RECORDS FOR THIS TASK:
────────────────
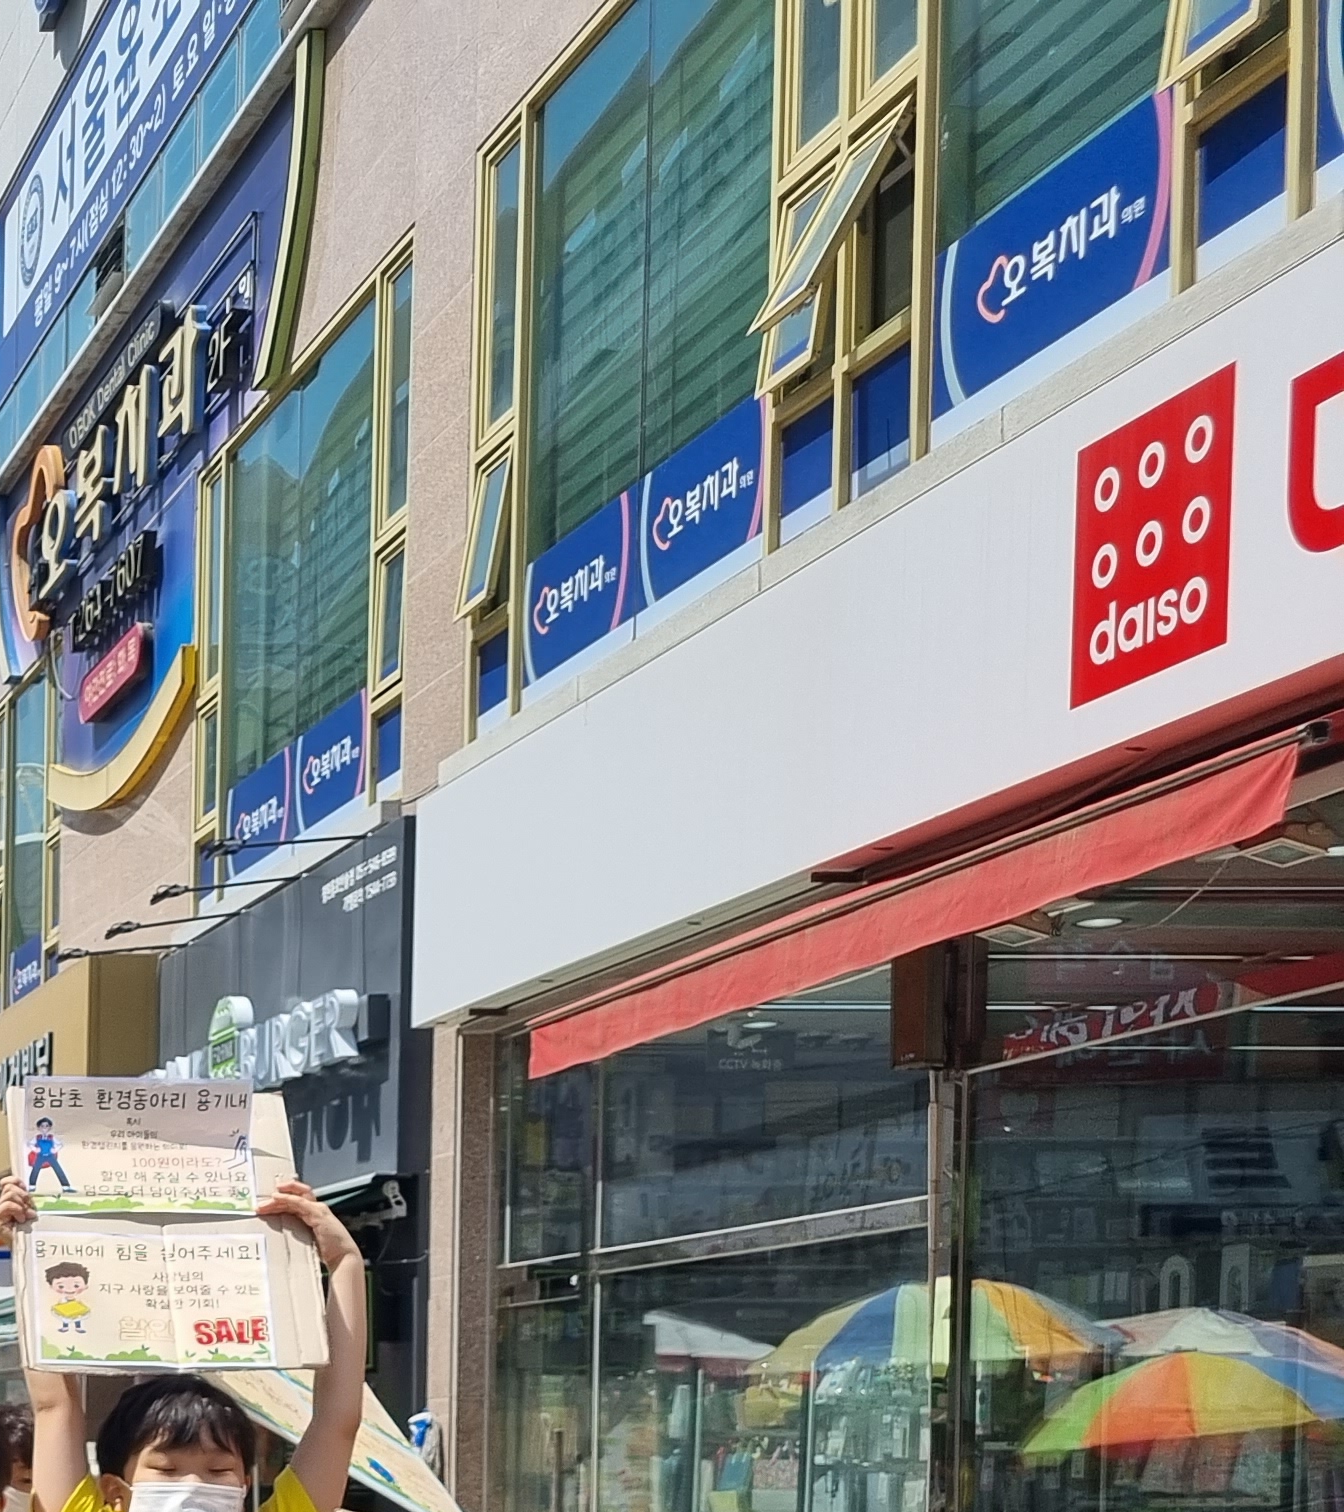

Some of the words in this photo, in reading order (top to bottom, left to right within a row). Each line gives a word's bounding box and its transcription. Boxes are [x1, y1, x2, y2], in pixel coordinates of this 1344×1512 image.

[1002, 184, 1121, 307] 오복치과
[1120, 195, 1147, 226] 의원
[97, 356, 126, 409] Dental
[127, 320, 156, 367] Clinic
[668, 456, 741, 539] 오복치과
[1088, 575, 1210, 665] daiso
[718, 1059, 749, 1071] CCTV
[32, 1087, 84, 1110] 용남초
[96, 1089, 186, 1111] 환경동아리
[34, 1240, 105, 1259] 용기내에
[116, 1243, 149, 1261] 힘을
[161, 1242, 261, 1262] 실어주세요!
[193, 1316, 269, 1345] SALE
────────────────
WORK ITEM:
Keep every word of the lines above unchanged in the copy, and omit the pictures.

EXERCISE ANSWER:
Some of the words in this photo, in reading order (top to bottom, left to right within a row). Each line gives a word's bounding box and its transcription. Boxes are [x1, y1, x2, y2], in pixel coordinates of this 1344×1512 image.

[1002, 184, 1121, 307] 오복치과
[1120, 195, 1147, 226] 의원
[97, 356, 126, 409] Dental
[127, 320, 156, 367] Clinic
[668, 456, 741, 539] 오복치과
[1088, 575, 1210, 665] daiso
[718, 1059, 749, 1071] CCTV
[32, 1087, 84, 1110] 용남초
[96, 1089, 186, 1111] 환경동아리
[34, 1240, 105, 1259] 용기내에
[116, 1243, 149, 1261] 힘을
[161, 1242, 261, 1262] 실어주세요!
[193, 1316, 269, 1345] SALE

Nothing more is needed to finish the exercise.